# YOUR TASK
Starting at the line that contains "this 2048×1536 image.", write out every line to the end of the records below exactly, and leave out the pictures.
*** INPUT ***
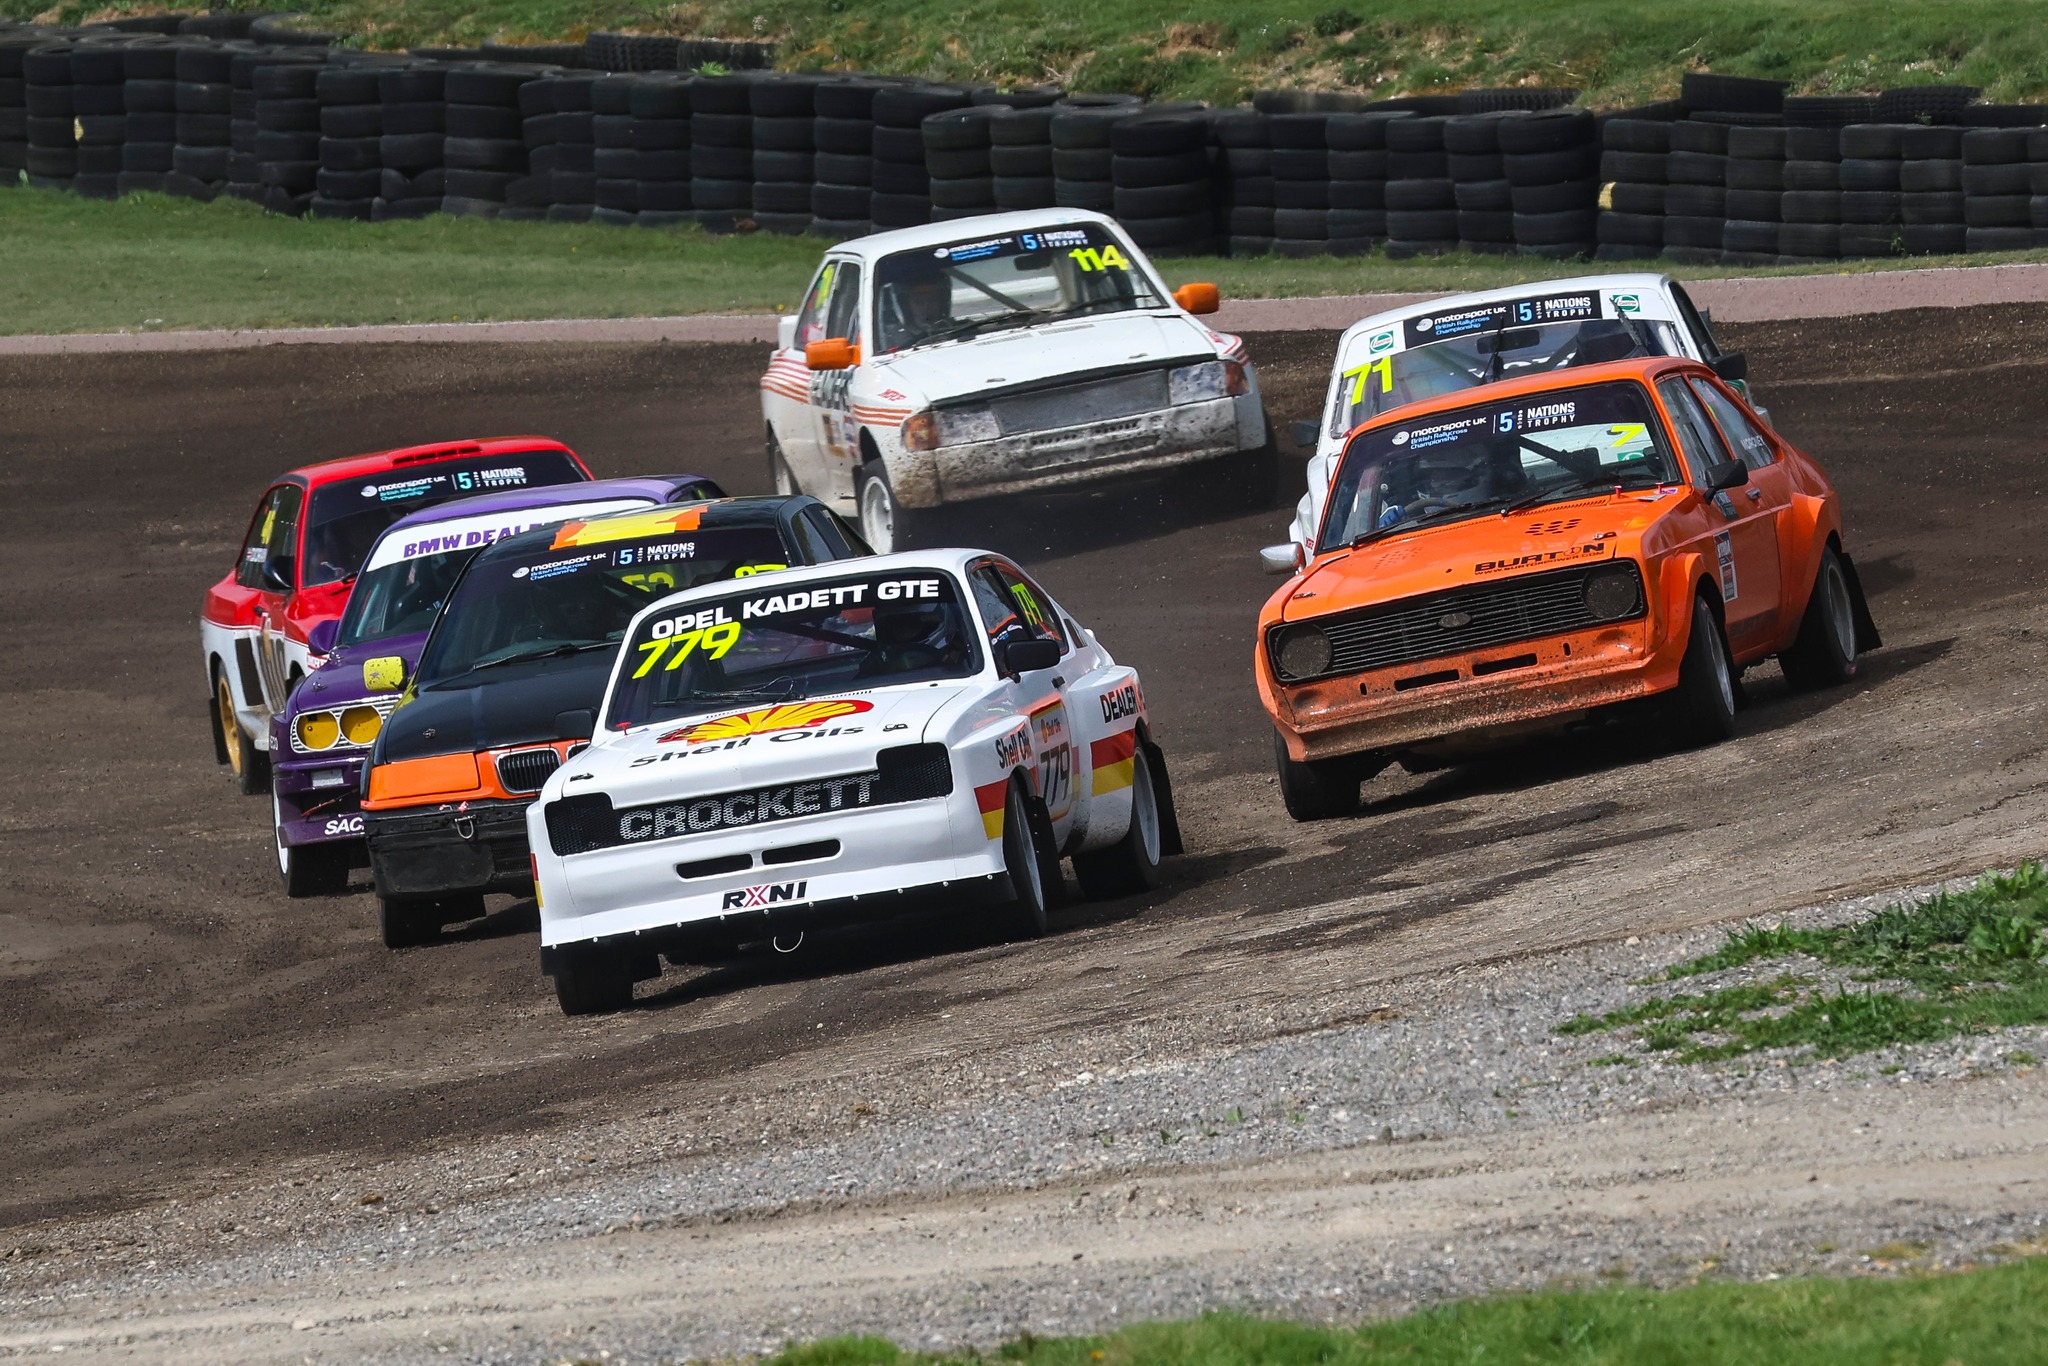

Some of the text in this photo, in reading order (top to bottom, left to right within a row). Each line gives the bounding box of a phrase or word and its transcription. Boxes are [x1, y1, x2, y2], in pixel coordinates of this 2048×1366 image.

[1022, 233, 1040, 250] 5
[1068, 245, 1128, 271] 114
[1519, 302, 1533, 322] 5
[1544, 296, 1591, 310] NATIONS
[1434, 306, 1506, 325] motorsport UK
[1545, 307, 1592, 319] TROPHY
[1435, 316, 1490, 331] British Rallycross
[1435, 323, 1482, 336] Championship
[1343, 355, 1393, 406] 71
[1527, 402, 1576, 419] NATIONS
[1411, 416, 1487, 438] motorsport UK
[1499, 411, 1513, 432] 5
[1527, 414, 1576, 428] TROPHY
[1411, 427, 1468, 446] British Rallycross
[1411, 434, 1458, 450] Championship
[1610, 424, 1645, 447] 7
[457, 472, 472, 489] 5
[481, 467, 525, 479] NATIONS
[483, 478, 527, 487] TROPHY
[378, 478, 432, 492] motorsport
[403, 523, 542, 558] BMW DEAL
[647, 542, 695, 554] NATIONS
[531, 552, 606, 572] motorsport UK
[619, 549, 634, 565] 5
[647, 551, 695, 562] TROPHY
[1475, 542, 1605, 572] BURTON
[530, 567, 577, 581] Championship
[651, 579, 939, 640] OPEL KADETT GTE
[631, 621, 742, 679] 779
[1100, 685, 1139, 723] DEALER
[629, 726, 865, 768] Shell Oils
[995, 734, 1020, 769] Shell
[1040, 741, 1070, 807] 779
[619, 772, 881, 841] CROCKETT
[324, 817, 364, 835] SAC
[721, 880, 808, 912] RXNI
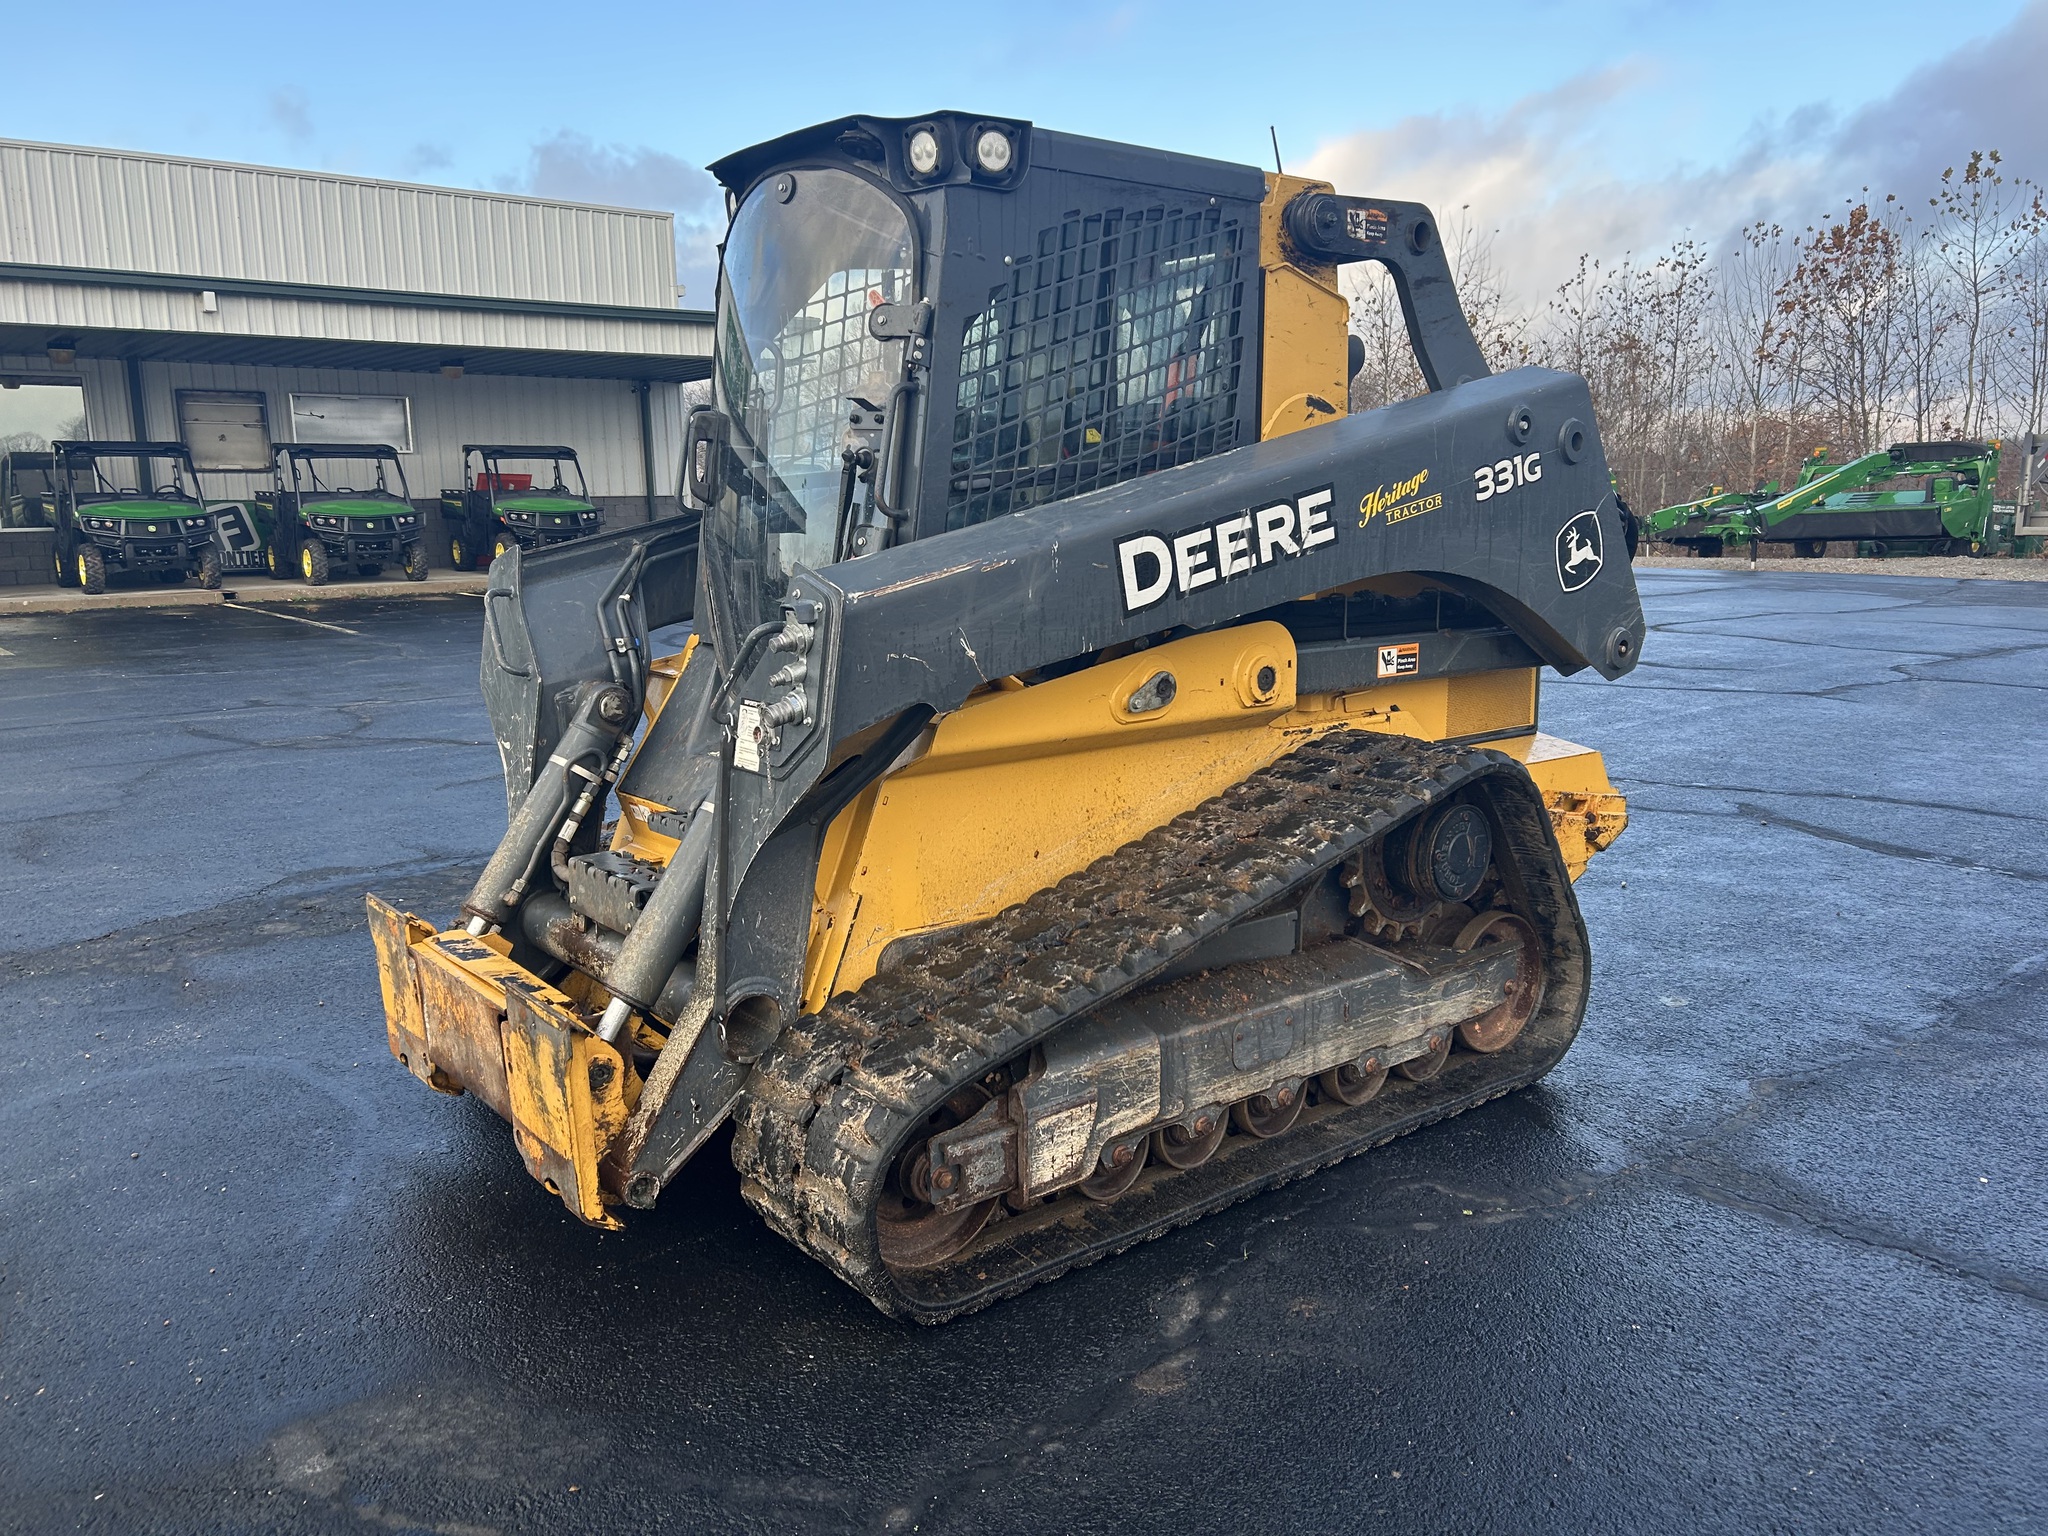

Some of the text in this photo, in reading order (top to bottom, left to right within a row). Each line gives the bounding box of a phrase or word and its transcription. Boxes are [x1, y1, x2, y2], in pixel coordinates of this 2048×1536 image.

[1358, 468, 1429, 528] Heritage
[1474, 452, 1543, 501] 331G
[1385, 495, 1442, 522] TRACTOR
[219, 550, 267, 567] ONTIER
[1118, 488, 1336, 611] DEERE
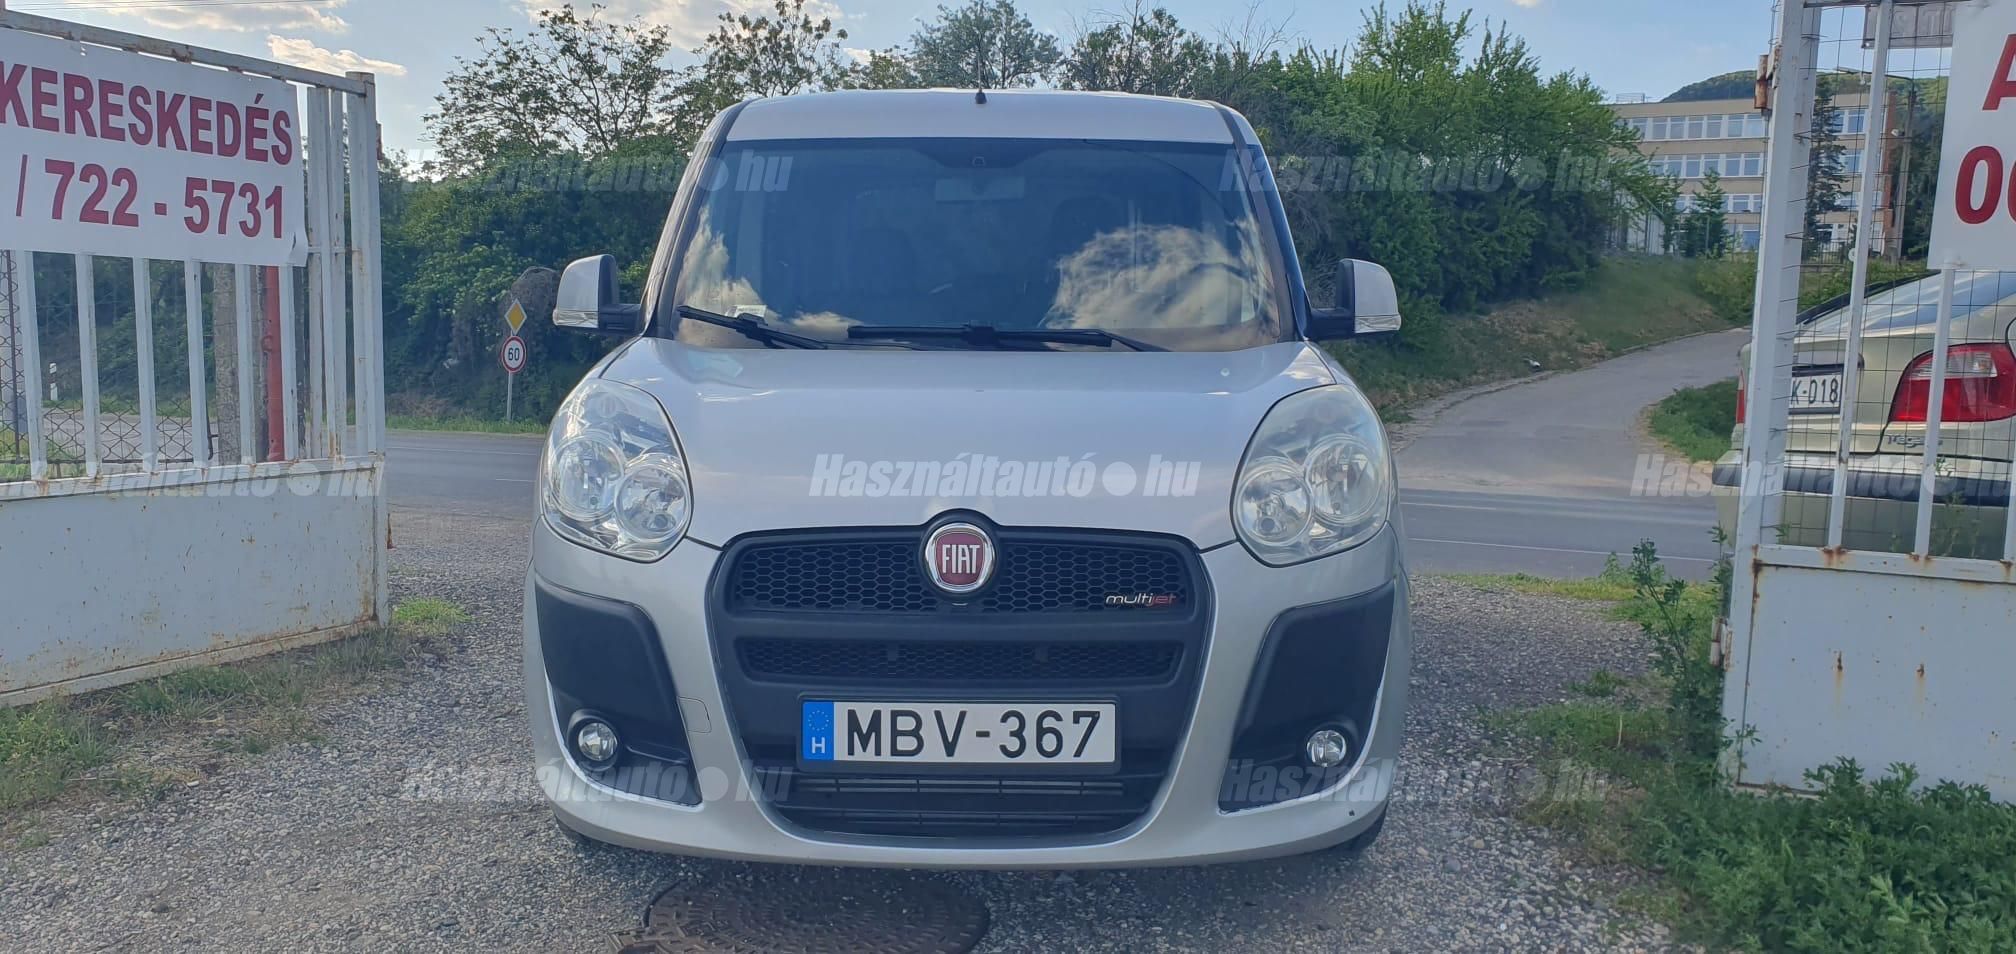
*** End of INPUT ***
# RESPONSE TO THE TASK
Some of the text in this photo, in reading order (top to bottom, left to right within a row). Each line gives the bounding box of a phrase or word and its transcription. Boxes are [x1, y1, x2, y2], in pixel coordinates of this 2048×1536 image.

[1358, 468, 1429, 528] Heritage
[1474, 452, 1543, 501] 331G
[1385, 495, 1442, 522] TRACTOR
[219, 550, 267, 567] ONTIER
[1118, 488, 1336, 611] DEERE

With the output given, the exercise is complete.